France Moving Troops Toward Libyan Border

France is moving troops toward the Libyan border within weeks and, along with U.S. intelligence, is monitoring al-Qaida arms shipments to Africa’s Sahel region, a top French military official said Thursday.
France Moving Troops Toward Libyan Border
An armored vehicle of the French military Sangaris operation in Central African Republic patrols in downtown Bangui on October 11, 2014. AFP/Getty Images
Updated:

PARIS—France is moving troops toward the Libyan border within weeks and, along with U.S. intelligence, is monitoring al-Qaeda arms shipments to Africa’s Sahel region, a top French military official said Thursday.

A French base will go up within weeks in a desert outpost 100 kilometers (60 miles) from the lawless Libyan border region overrun by Islamic militants, the official said on condition of anonymity because he wasn’t authorized to speak publicly on the matter.

U.S. intelligence is helping French troops “a lot,” he said.

Earlier this month, French troops destroyed an arms convoy in northern Niger carrying three tons of weapons from Libya to Mali. A French drone had located and followed the convoy from southeast Libya, the top defense official said.

About 50 French troops will be permanently based in northern Niger and they could be reinforced very quickly by the French and Niger military when necessary, in order to be “able to crisscross the zone up to the border and hamper as much as possible the traffic route”, he said.

French and U.S. drones are already operating out of Niger’s capital, Niamey.

France launched a military operation three months ago against Islamist groups, with troops and equipment sent to ex-colonies Mauritania, Burkina Faso, Niger, Chad and Mali.

Following France’s intervention to rout Islamic militants from Mali last year, the operation is aiming to counter al-Qaeda-linked militants there, and their potential ties with Nigerian militant group Boko Haram.

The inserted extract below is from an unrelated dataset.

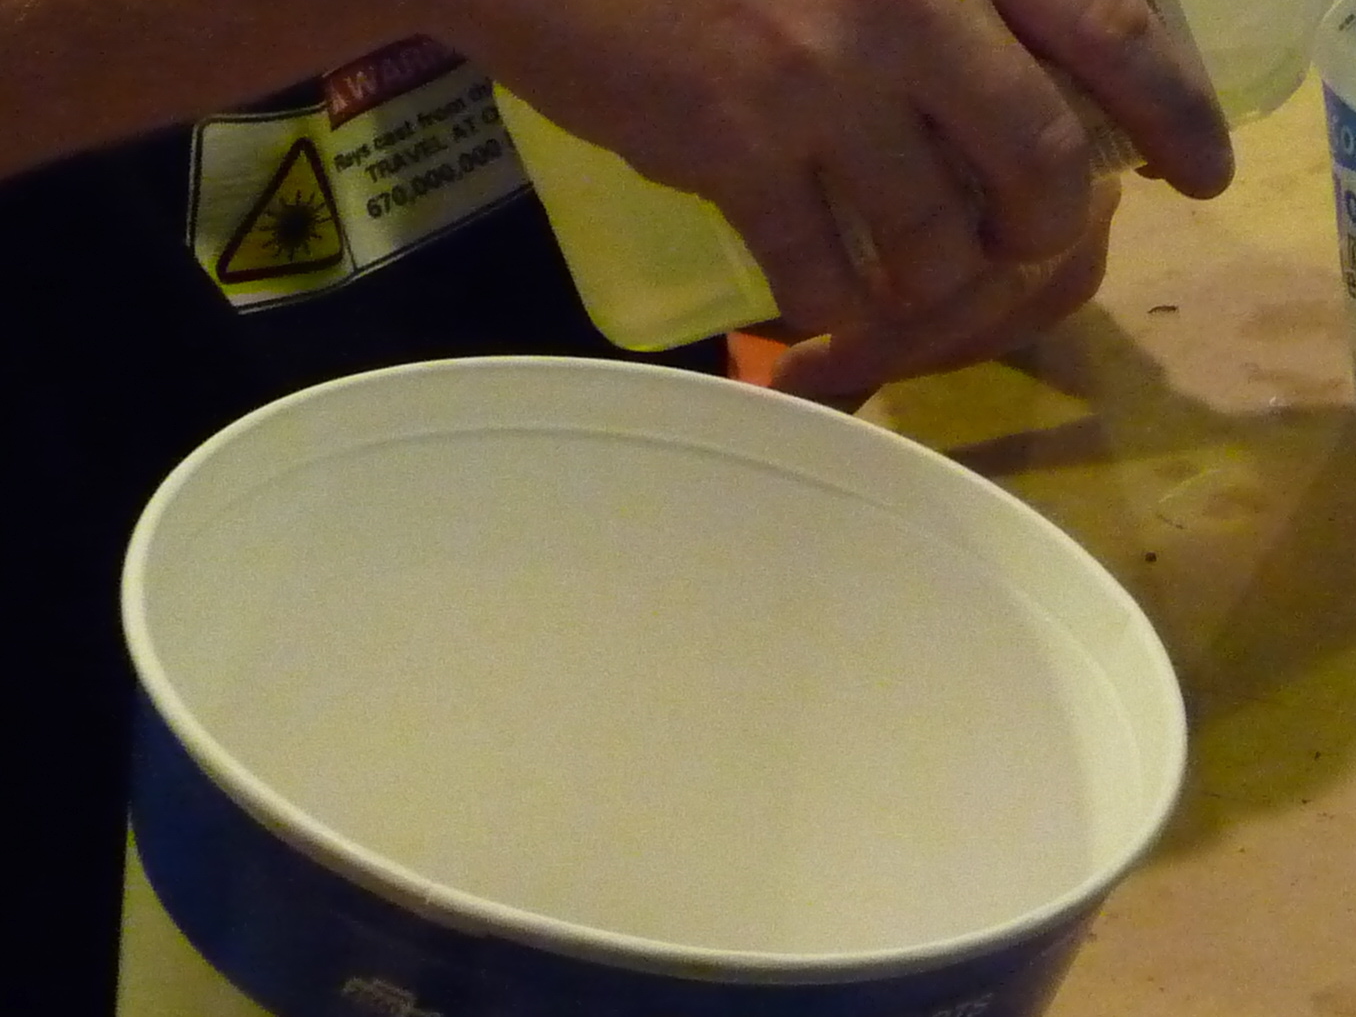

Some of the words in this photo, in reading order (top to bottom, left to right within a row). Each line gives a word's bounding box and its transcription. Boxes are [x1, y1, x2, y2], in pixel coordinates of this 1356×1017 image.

Defense Minister Jean-Yves Le Drian warned last month that Libya is a “hub for terrorists.”

France’s strategy “reflects the changing threat,” said Francois Heisbourg, a French analyst at the Foundation for Strategic Research think tank in Paris. “That’s the cost of the success: while (French and U.N. troops) managed to undermine the permanent establishment of terrorists in northern Mali ... they withdraw and went to northern Niger and southern Libya.”